Я сотни раз представлял, что трахаю её, пока подо мной лежали какие-то подстилки, которых я совершенно просто снимал в каком-нибудь баре. И только глядя на неё, я уже готов кончить в штаны от одного вида её груди. Что за Иуда живёт в моём теле? Почему я так привязан? Так паталогически зависим от этого…
Мне не терпится увидеть лицо этой шлюхи, когда она будет оправдываться передо мной. Когда будет притворяться и молить, чтобы я отпустил её…
Пожалуй, я сниму всё на видеокамеру.
Интересно, она такая же холодная внутри… Насколько она узкая, тугая и бесчувственная.
Я не остановлюсь даже, если удавка на моей шее затянется ещё сильнее.
– Собачья шлейка, вот что я надену на тебя, сучка, – грязь, что вылетает из моего рта пугает меня самого. Я никогда таким не был… Точнее, может, и был… Порой думаю, что копирую отца, когда она напивался и лупил меня… Веду себя почти так же…
Представляю её жалкие угрозы и оскорбления в мой адрес. И это не на шутку щекочет мои нервы…

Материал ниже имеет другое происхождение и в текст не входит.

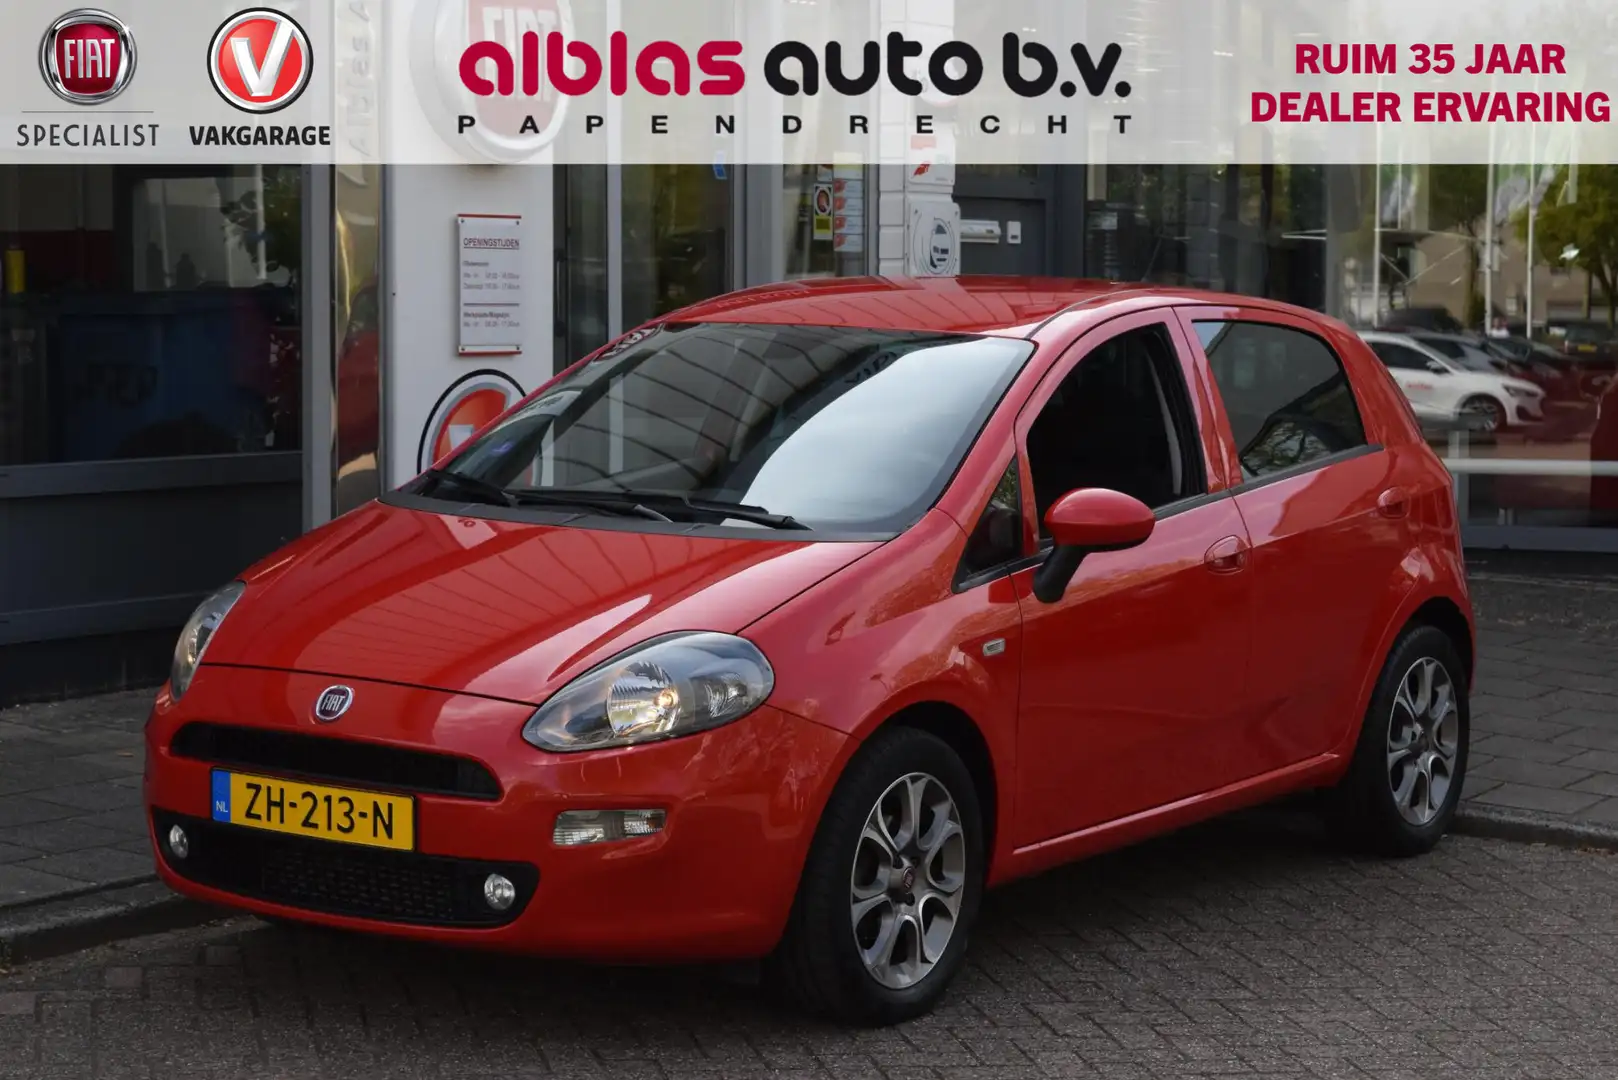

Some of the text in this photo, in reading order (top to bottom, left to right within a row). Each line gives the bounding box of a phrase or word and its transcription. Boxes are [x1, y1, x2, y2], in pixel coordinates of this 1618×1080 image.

[321, 694, 346, 712] FIAT
[215, 800, 228, 813] NL
[244, 782, 394, 840] ZH-213-N
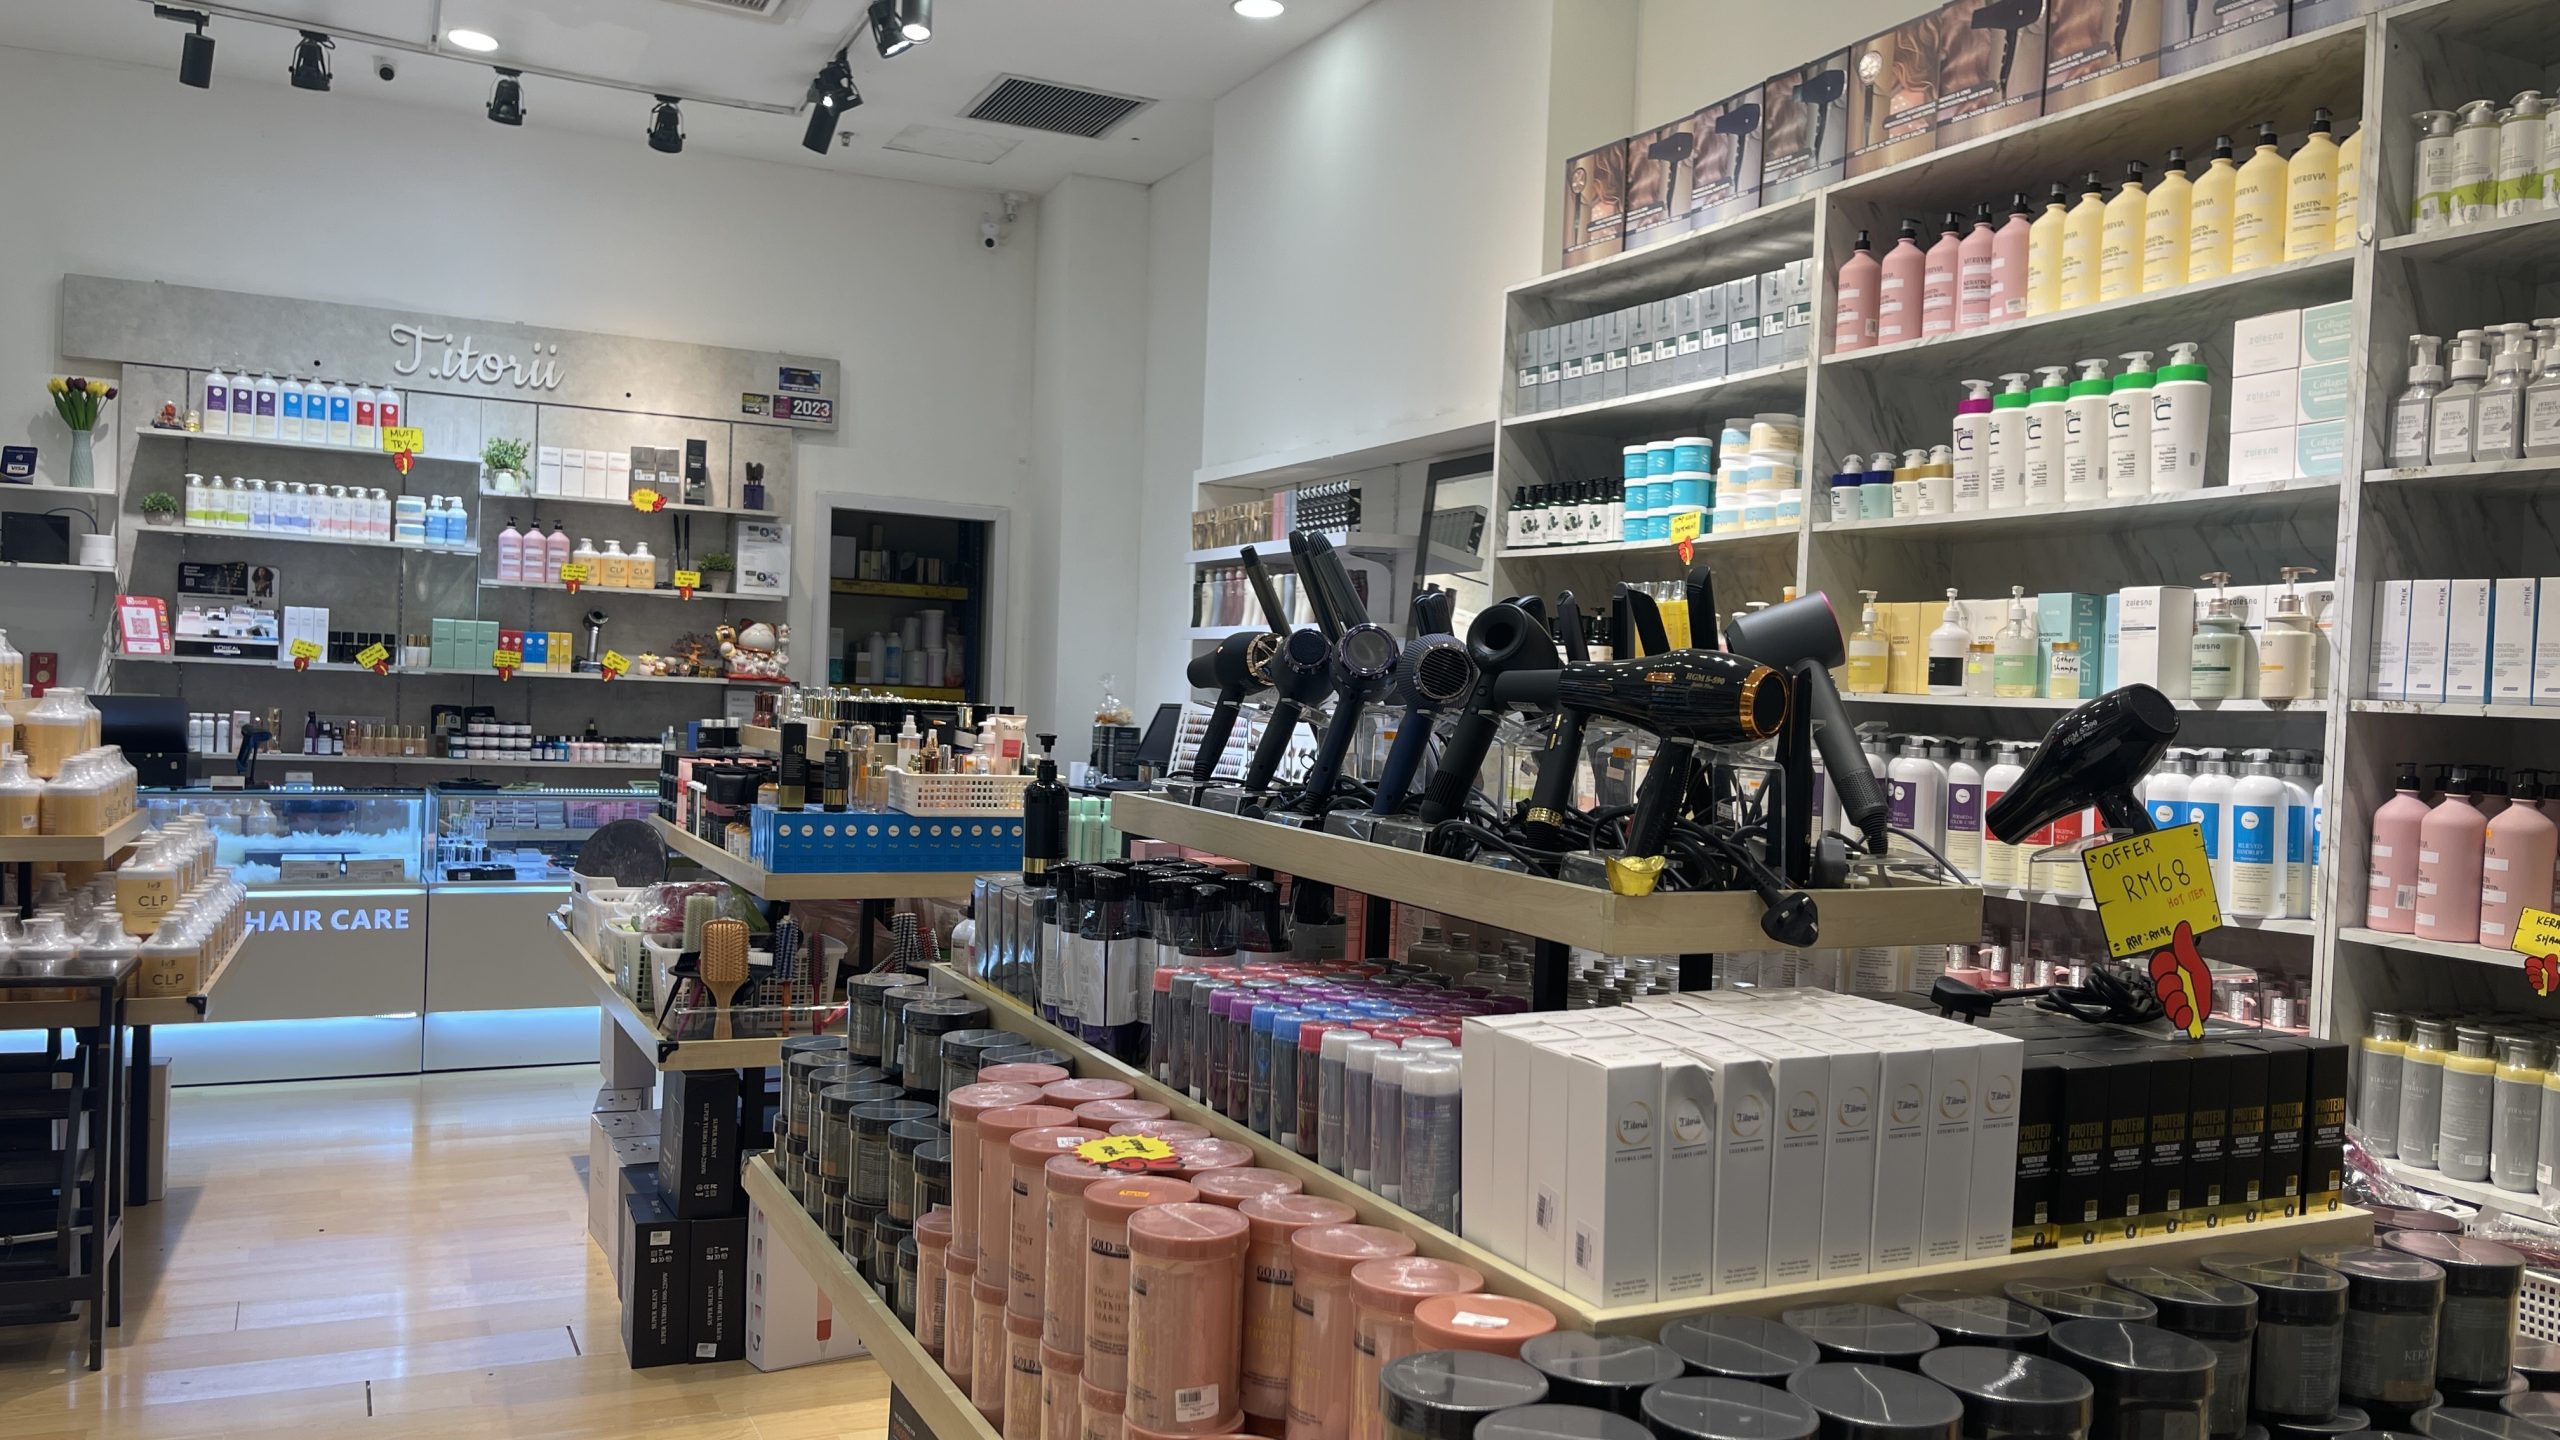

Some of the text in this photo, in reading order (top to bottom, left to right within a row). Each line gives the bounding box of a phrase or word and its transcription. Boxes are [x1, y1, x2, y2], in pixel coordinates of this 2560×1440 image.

[793, 399, 830, 417] 2023
[391, 429, 414, 438] MUST
[2102, 838, 2154, 869] OFFER
[2122, 859, 2191, 902] RM68
[138, 894, 168, 908] CLP
[2168, 893, 2184, 909] HOT
[245, 908, 410, 933] HAIR CARE
[152, 973, 185, 987] CLP
[1092, 1237, 1113, 1251] GOLD
[1257, 1265, 1287, 1278] GOLD
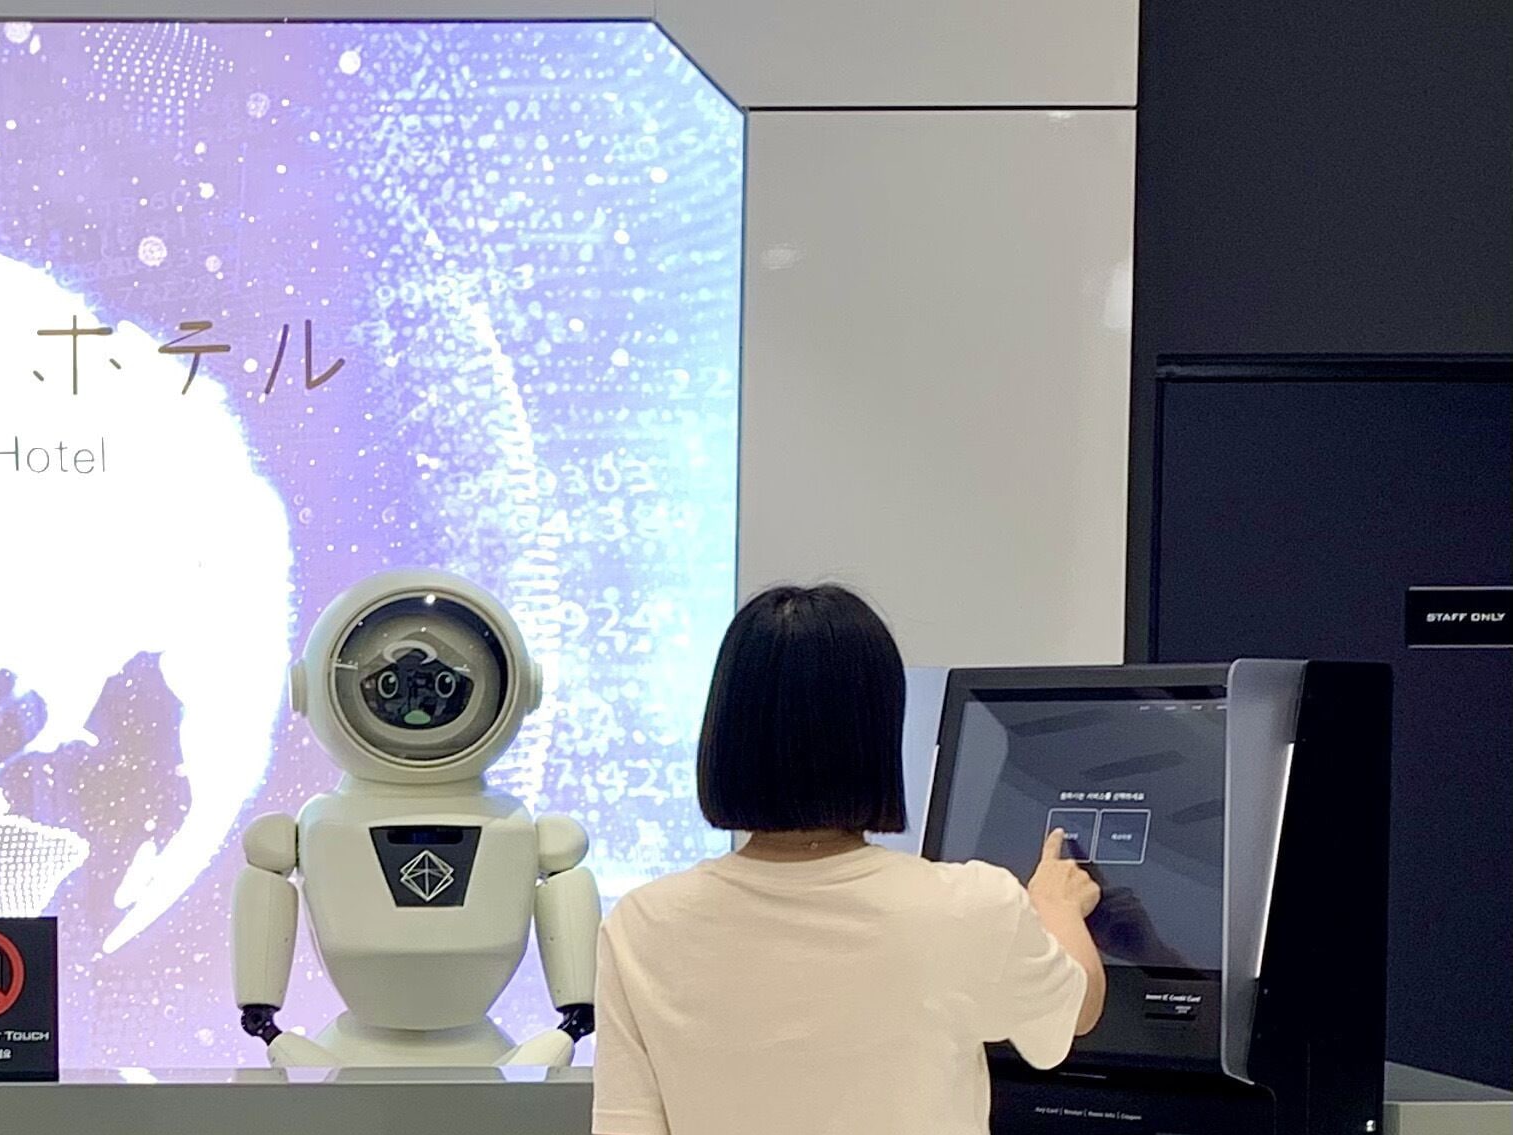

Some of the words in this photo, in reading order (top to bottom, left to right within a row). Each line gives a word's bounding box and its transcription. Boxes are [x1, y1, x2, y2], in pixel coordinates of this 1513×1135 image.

Всё нужно было покупать частями, чтобы никто и ничего не заподозрил. А покупал я всякую хрень… Даже генератор приобрёл… Ведь склад, на который я её везу был без света… Пришлось проводить… Подключать его. Я даже наполнил резервуар с водой. Всё сделал, чтобы ей было удобно… И самое главное… Он так далеко… В тьме тараканьей… Никто и никогда нас здесь не потревожит… И не отследит… Потому что по дороге я сменил четыре тачки… В лесу… Все угнанные без номеров…
– За каждый день моего мучения ты будешь платить мне пальцем в своей заднице, Демьянова, за каждый грёбанный день, что я провёл на ледяном полу, представляя ваши безумные соития с этим ебаным додиком…
Склад находится так глубоко, что её не услышит даже сам Бог, если он существует. Твоя гнилая улыбка после отказа выела мой мозг напрочь и ничего не осталось, кроме пепла, что разлетался вокруг, напоминая о том, насколько убога моя жизнь, насколько сожжена дотла. Тобой. Твоими маленькими, склизкими ручонками, что въелись в моё личностное «я». И хоть в чём-то мой отец был прав, от таких как ты стоило держаться подальше. Все женщины, которых я знал, втыкали мне нож прямо в спину и проворачивали его на триста шестьдесят, оставляя внутри беспросветную дыру.
Эта сучка Ильинична, которая постоянно мучила меня тупыми, вопиющими вопросами о моëм состоянии, отчего ноющая боль блокировалась и пропускала вперёд только ненависть к ней. Фальшивая, размусоленная улыбка в совокупности с блондинистыми волосами всегда вызывала отвращение, омерзение, повышенное чувство брезгливости.
– Ильдар, ты можешь всё мне рассказать…, – доносился надменный голос, отрезая последнюю мою веру в людей. Психологи – кукловоды. Напейся и выпрыгни с десятого этажа, вот, что спасёт тебя в моём случае.